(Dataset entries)
============

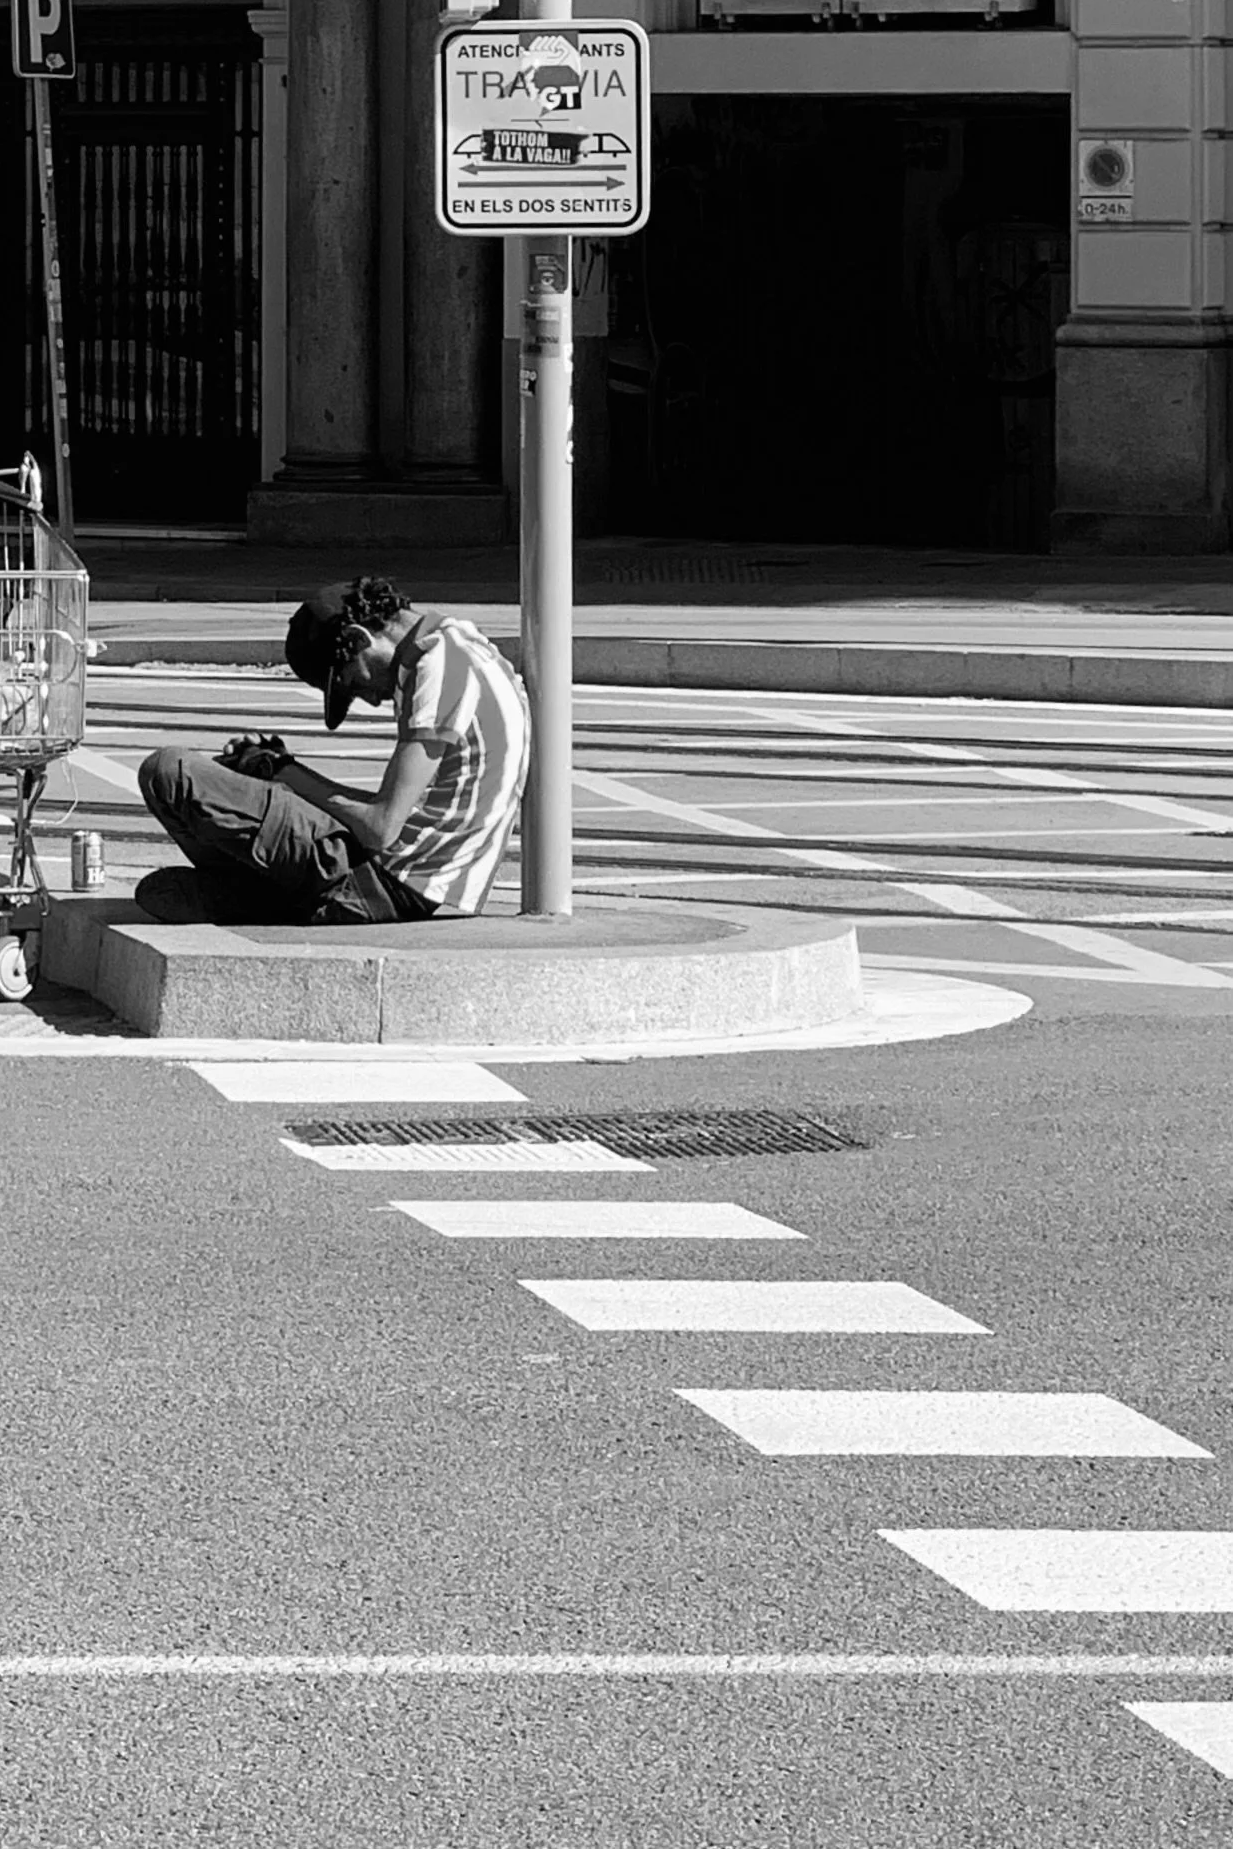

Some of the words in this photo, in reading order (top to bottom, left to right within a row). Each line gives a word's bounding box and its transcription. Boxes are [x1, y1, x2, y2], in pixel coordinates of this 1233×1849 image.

[457, 44, 520, 59] ATENCI
[579, 43, 626, 57] ANTS
[538, 85, 580, 110] GT
[492, 131, 549, 147] TOTHOM
[505, 146, 523, 162] LA
[526, 147, 572, 164] VAGA!!
[452, 199, 476, 213] EN
[480, 199, 513, 213] ELS
[518, 199, 555, 213] DOS
[560, 198, 633, 213] SENTITS
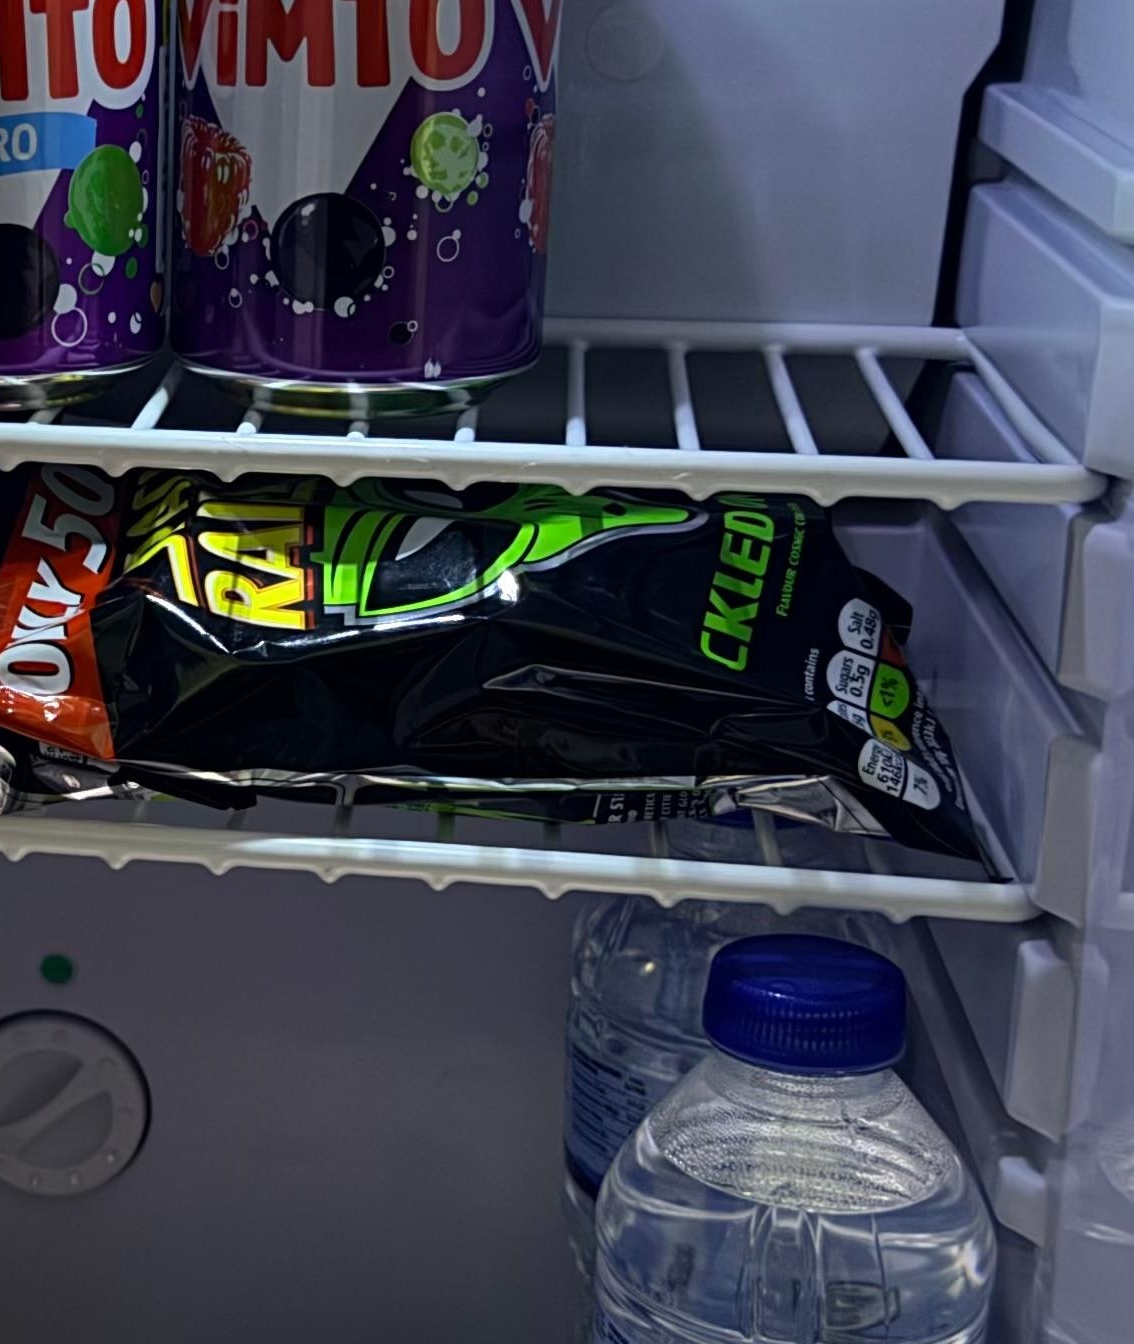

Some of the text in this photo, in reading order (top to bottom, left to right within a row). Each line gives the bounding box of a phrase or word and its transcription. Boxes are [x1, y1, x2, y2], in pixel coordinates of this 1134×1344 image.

[848, 611, 865, 635] Salt
[860, 609, 880, 649] 0.48g
[835, 656, 854, 695] Sugars
[851, 664, 870, 697] 0.5g

============

Description of the task: From the line that contains "Some of the text" down to the last line above, print each line exactly as it appears.

Response:
Some of the text in this photo, in reading order (top to bottom, left to right within a row). Each line gives the bounding box of a phrase or word and its transcription. Boxes are [x1, y1, x2, y2], in pixel coordinates of this 1134×1344 image.

[848, 611, 865, 635] Salt
[860, 609, 880, 649] 0.48g
[835, 656, 854, 695] Sugars
[851, 664, 870, 697] 0.5g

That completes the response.